Случай с Петровым нас всех заставил задуматься. Плотников и Вялов не могли простить Ивану Юрьевичу минуты панического страха, который овладел им при виде ножа в руках пьяного Петрова. Только Федя старался оправдать Артамонова, говоря, что перед пьяным может спасовать и храбрец, что смешно говорить о трусости человека оттого, что он постарался увернуться от бессмысленного оскорбления. Но так свели иначе, а страшное слово «трус» было произнесено, и мы насторожились. Впрочем, настороженность наша была бесцельной: все равно Артамонова никто не смог бы заменить.
На четвертый день мы обогнули Спарту. До вечера я не уходил с палубы, смотря на отвесные рыжие скалы мыса Матепан, возникавшие над холодным, серым морем. У подножья скал белела казавшаяся неподвижной непрерывная лента прибоя. По небу ползли низкие тучи, и я думал, что так было всегда, из тысячелетия в тысячелетие, что сейчас в берег бьются те же самые волны, которые качали когда-то корабль Одиссея.

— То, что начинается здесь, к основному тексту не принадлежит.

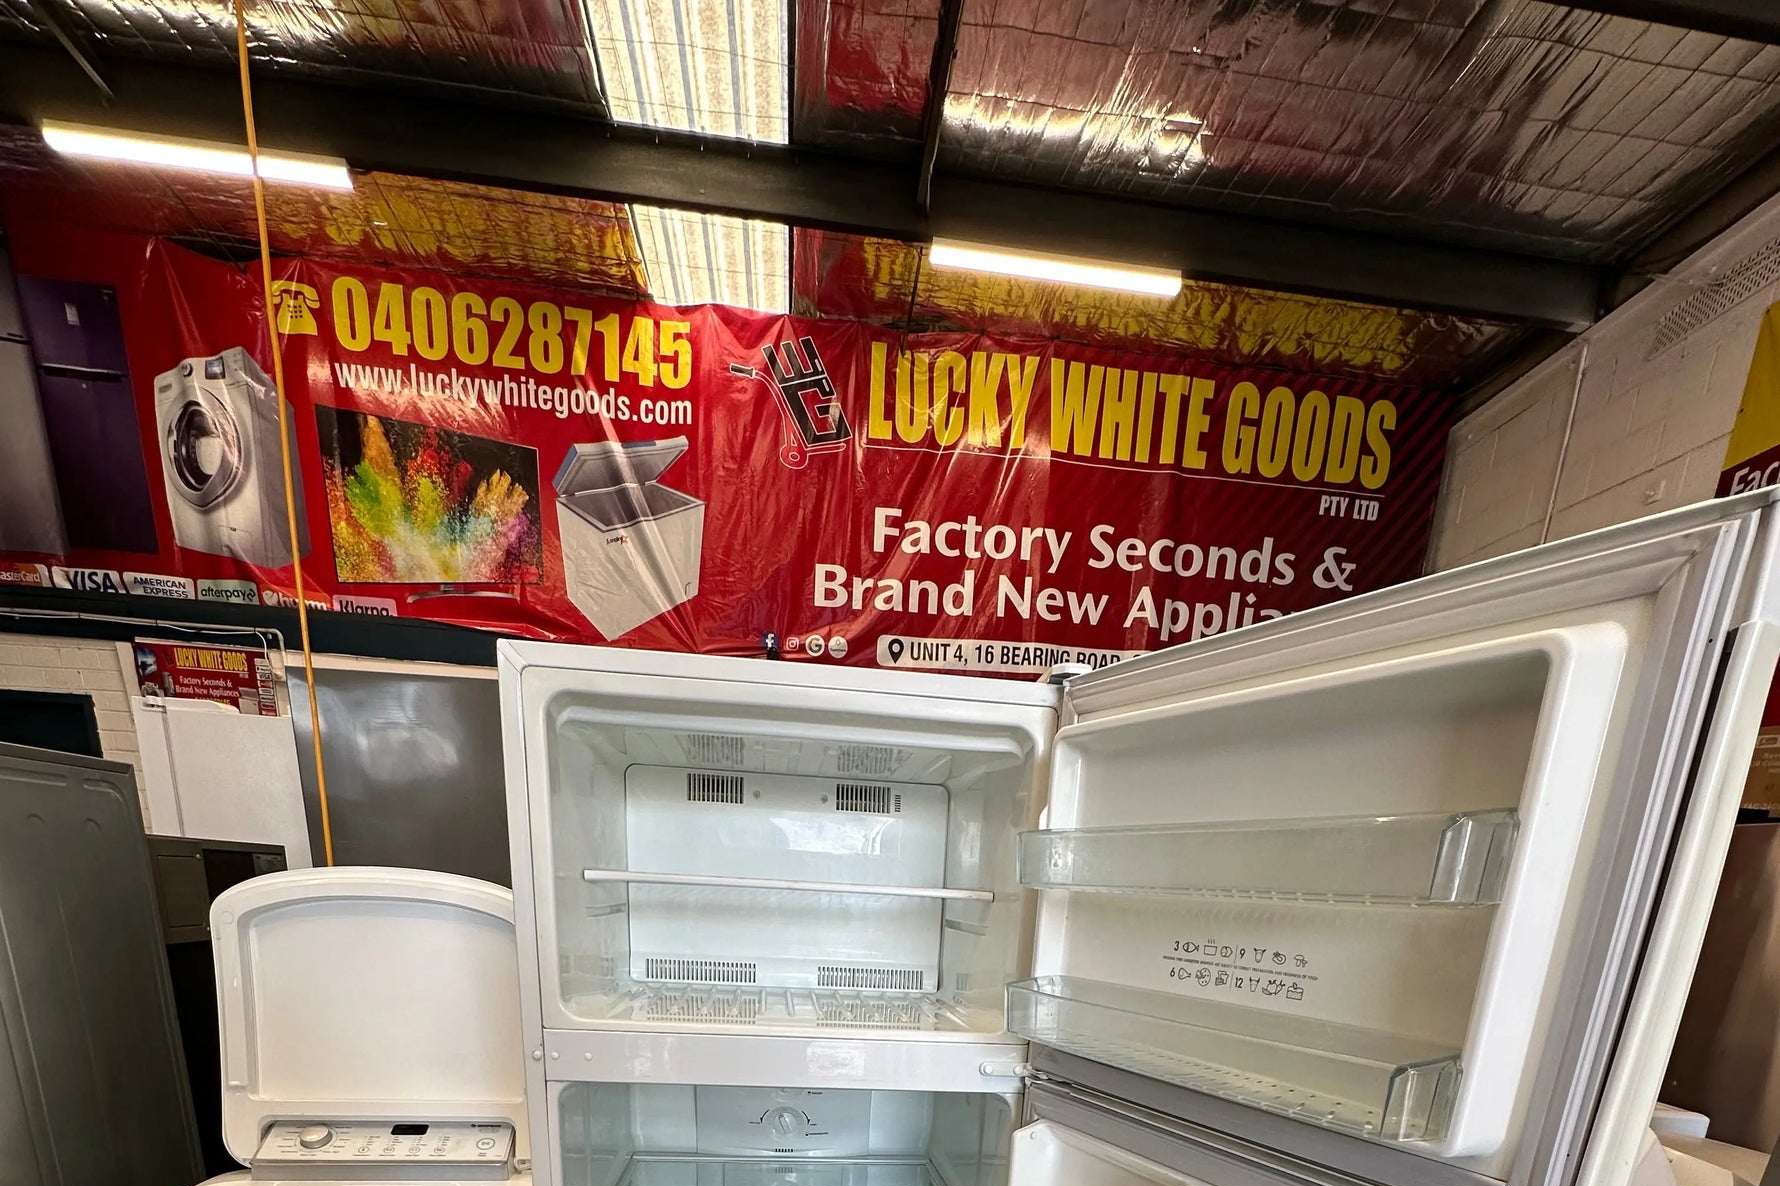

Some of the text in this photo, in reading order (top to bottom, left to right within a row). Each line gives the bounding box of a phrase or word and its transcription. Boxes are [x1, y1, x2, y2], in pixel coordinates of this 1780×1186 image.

[331, 276, 692, 390] 0406287145
[334, 362, 692, 425] www.luckywhitegoods.com
[868, 342, 1397, 489] LUCKY WHITE GOODS
[1730, 461, 1780, 496] Fac
[1319, 495, 1379, 521] PTY LTD
[872, 507, 1356, 591] Factory Seconds &
[0, 571, 40, 582] asterCard
[65, 570, 119, 593] VISA
[133, 577, 186, 590] AMERICAN
[143, 586, 188, 599] EXPRESS
[200, 586, 246, 601] afterpay
[814, 563, 1298, 641] Brand New Appli
[174, 648, 248, 672] LUCKY WHITE GOODS
[910, 641, 950, 662] UNIT
[953, 643, 968, 666] 4,
[975, 644, 994, 664] 16
[1000, 645, 1070, 668] BEARING
[175, 683, 239, 697] Brand New Appliances
[180, 676, 233, 688] Factory Seconds &
[1174, 941, 1246, 959] 3 9
[1170, 967, 1243, 989] 6 12
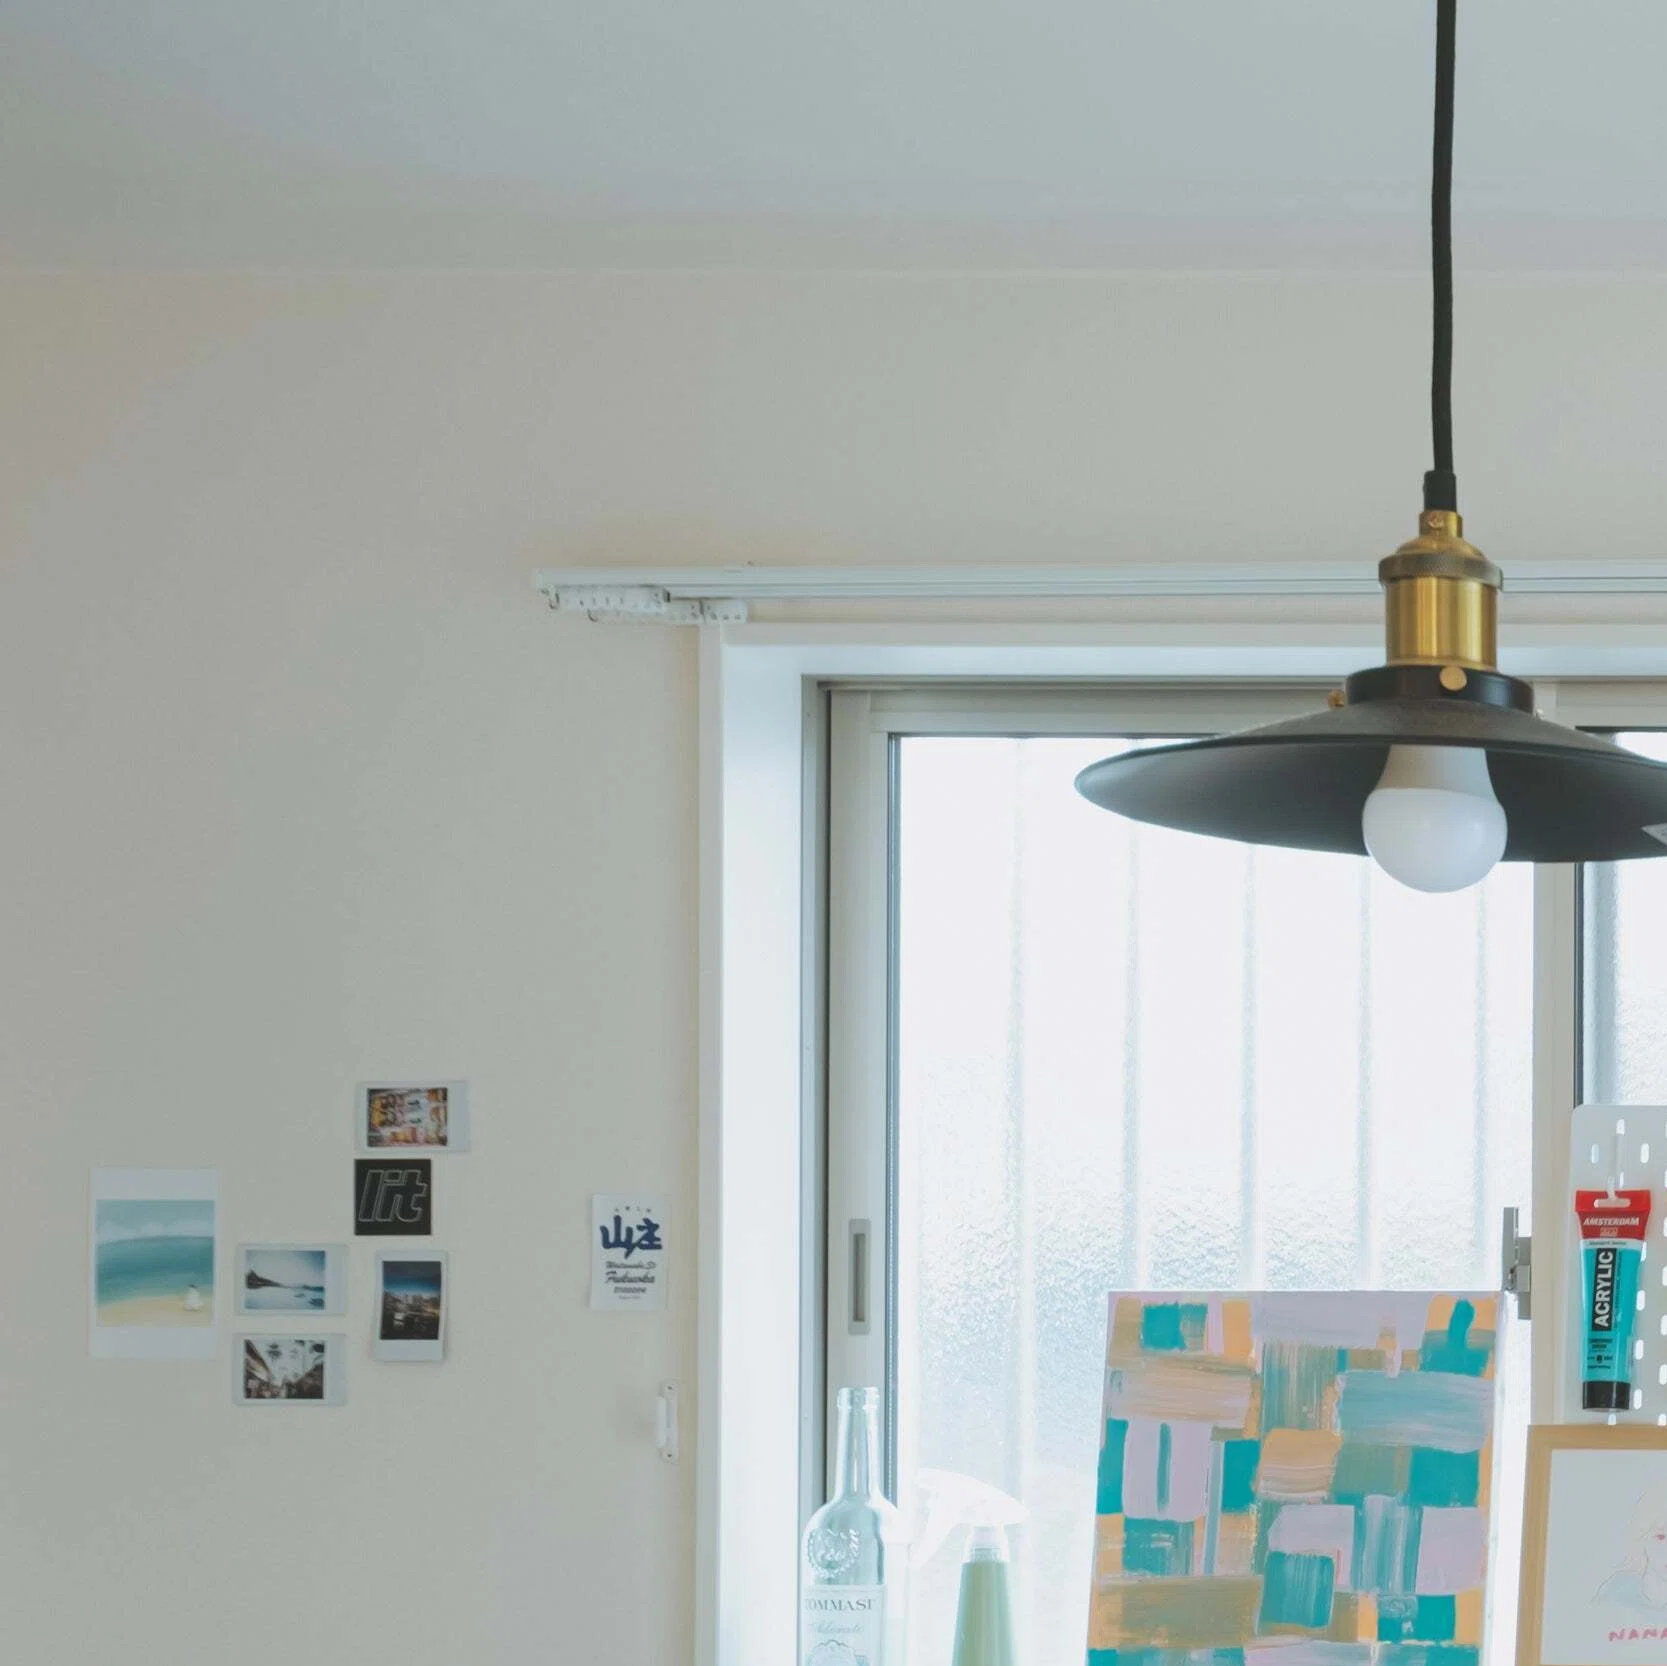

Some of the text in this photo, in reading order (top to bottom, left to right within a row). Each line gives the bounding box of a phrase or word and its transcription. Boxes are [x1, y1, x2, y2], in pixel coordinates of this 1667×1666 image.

[358, 1169, 428, 1223] lit
[1583, 1217, 1640, 1226] AMSTERDAM
[1593, 1251, 1614, 1328] ACRYLIC
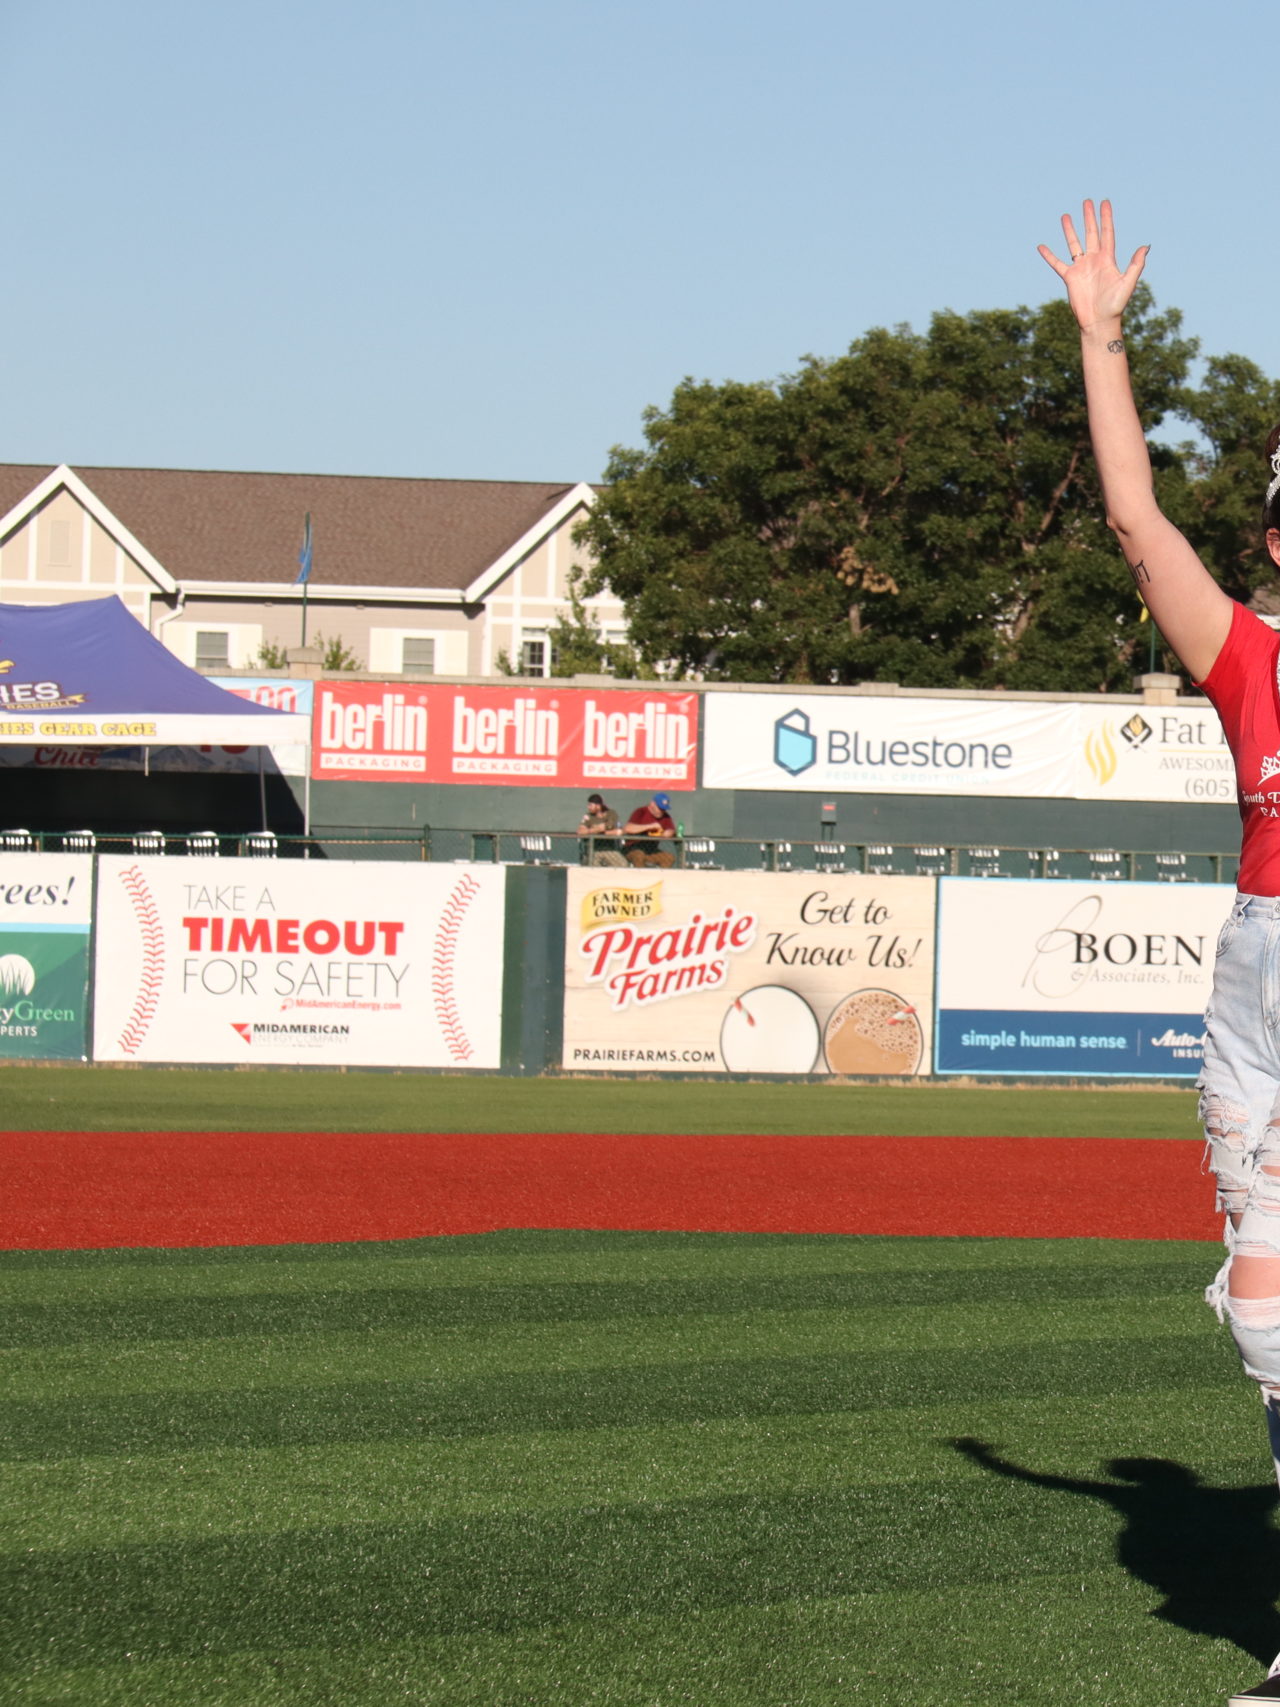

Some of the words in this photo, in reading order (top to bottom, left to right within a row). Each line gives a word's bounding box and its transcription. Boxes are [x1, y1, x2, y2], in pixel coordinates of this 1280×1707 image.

[40, 722, 97, 736] GEAR
[101, 722, 157, 736] CAGE
[321, 692, 427, 752] berlin
[454, 696, 558, 756] berlin
[584, 700, 689, 760] berlin
[1159, 717, 1208, 746] Fat
[324, 757, 423, 769] PACKAGING
[828, 730, 1012, 769] Bluestone
[457, 761, 554, 774] PACKAGING
[587, 764, 684, 778] PACKAGING
[0, 876, 75, 905] ees!
[183, 884, 246, 911] TAKE
[256, 887, 276, 912] A
[592, 890, 653, 905] FARMER
[594, 904, 651, 918] OWNED
[800, 890, 854, 925] Get
[864, 897, 892, 926] to
[183, 917, 404, 956] TIMEOUT
[582, 908, 754, 977] Prairie
[765, 932, 855, 967] Know
[867, 935, 922, 969] Us!
[1072, 932, 1207, 966] BOEN
[183, 958, 258, 995] FOR
[275, 961, 409, 998] SAFETY
[610, 959, 725, 1006] Farms
[1071, 969, 1085, 983] &
[1090, 969, 1171, 985] Associates,
[1177, 970, 1205, 985] Inc.
[0, 1000, 75, 1024] yGreen
[295, 999, 402, 1011] MidAmericanEnergy.com
[253, 1023, 350, 1036] MIDAMERICAN
[961, 1030, 1016, 1051] simple
[1020, 1031, 1076, 1049] human
[1080, 1035, 1128, 1049] sense
[573, 1049, 715, 1063] PRAIRIEFARMS.COM
[1171, 1048, 1204, 1059] INSU
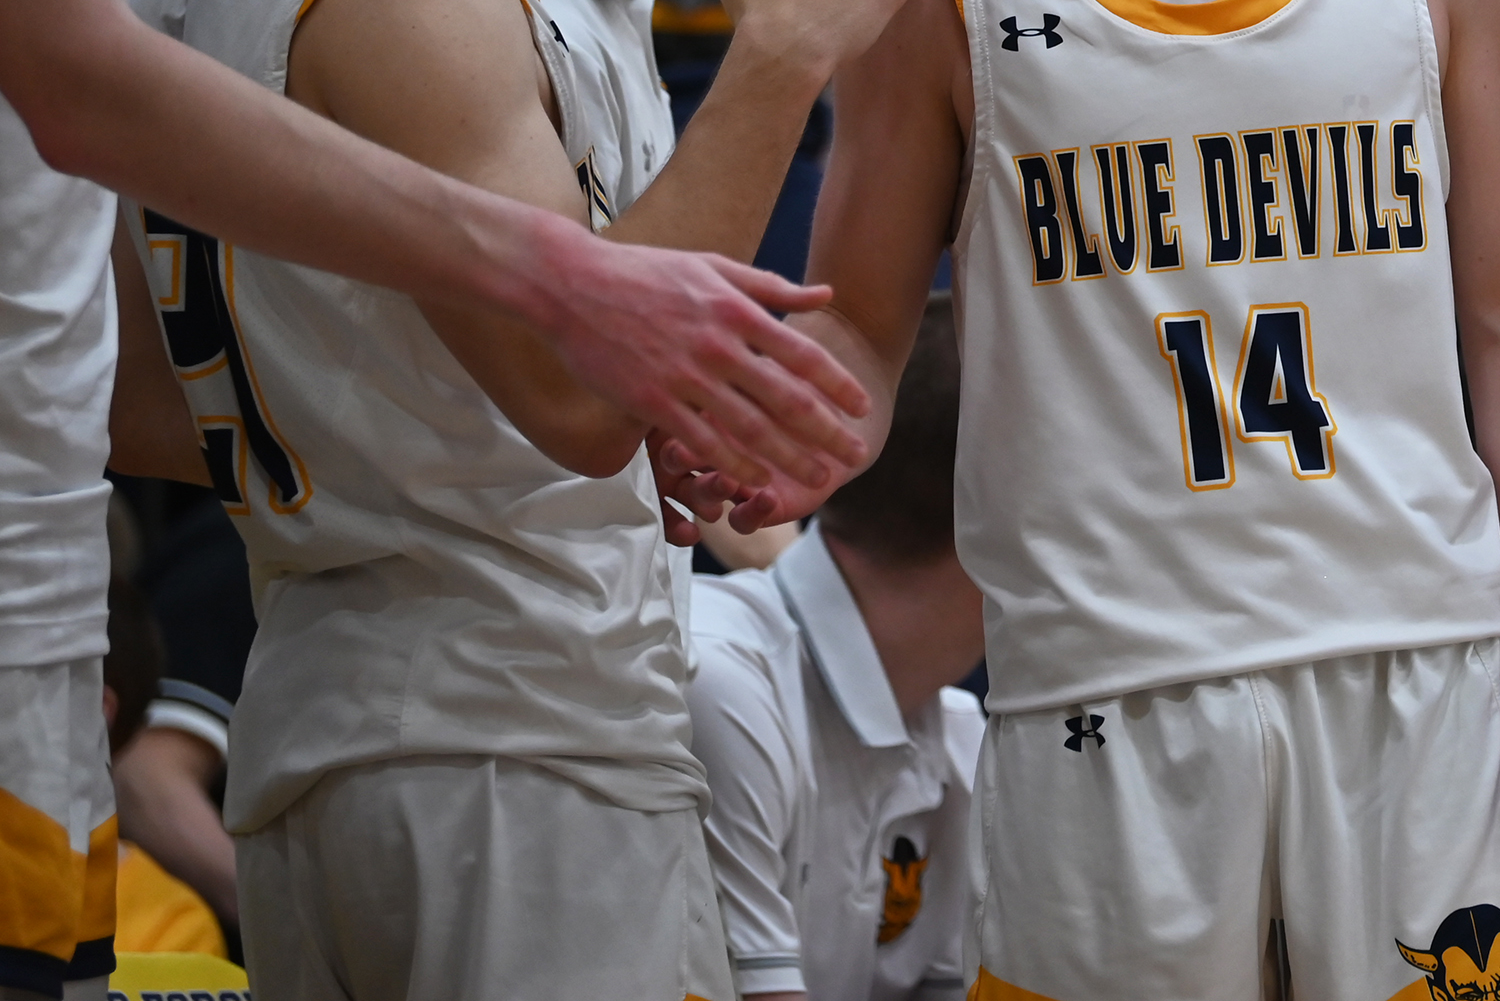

Вечером тучи разорвались над рыжими скалами Спарты, и огромное красное солнце озарило голый и злой берег. Порозовели беляки крутых волн, синие полосы движущихся теней пересекли; окровавленное море, и прозрачная оранжевая луна прицепилась к краю расколотой тучи. Солнце медленно спускалось за горы, длинные тени прибрежных скал потушили загоревшееся море и, приблизившись к пароходу, наполнили воздух синим холодом.
В ту ночь я заснул, положив под голову вместо подушки, которую я продал перед отъездом из Марселя, мой вещевой мешок. Мне снилось, что я ползу по краю скользкой черепичной крыши. Внизу, в страшной глубине, раскачивались вершины безлистых деревьев. Я впивался руками в мокрые, поросшие мохом черепицы с такой силой, что у меня болели пальцы и из-под ногтей выступала кровь. Я слышал, как ломались черепицы под тяжестью моего тела, мне чудилось, что еще одно движение — и я упаду туда, вниз, на острия черных сучьев. Вдруг я почувствовал, что перестаю весить — мое тело исчезло, стало прозрачным, как стекло. Я удивился, что могу еще видеть, и чувствовал, что ветер подхватил меня и закружил в воздухе, как сорванный с дерева мертвый лист. Ветер нес меня все выше и выше, я боялся, что от прикосновения к облаку, повисшему надо мною, я разобьюсь, как окно, сорванное с петель. Но вот все смешалось, и я очутился на мокрой траве, лежа ничком, широко раскинув руки. Головы у меня не было, и мне было непонятно, как я могу лежать безголовый и все же живой.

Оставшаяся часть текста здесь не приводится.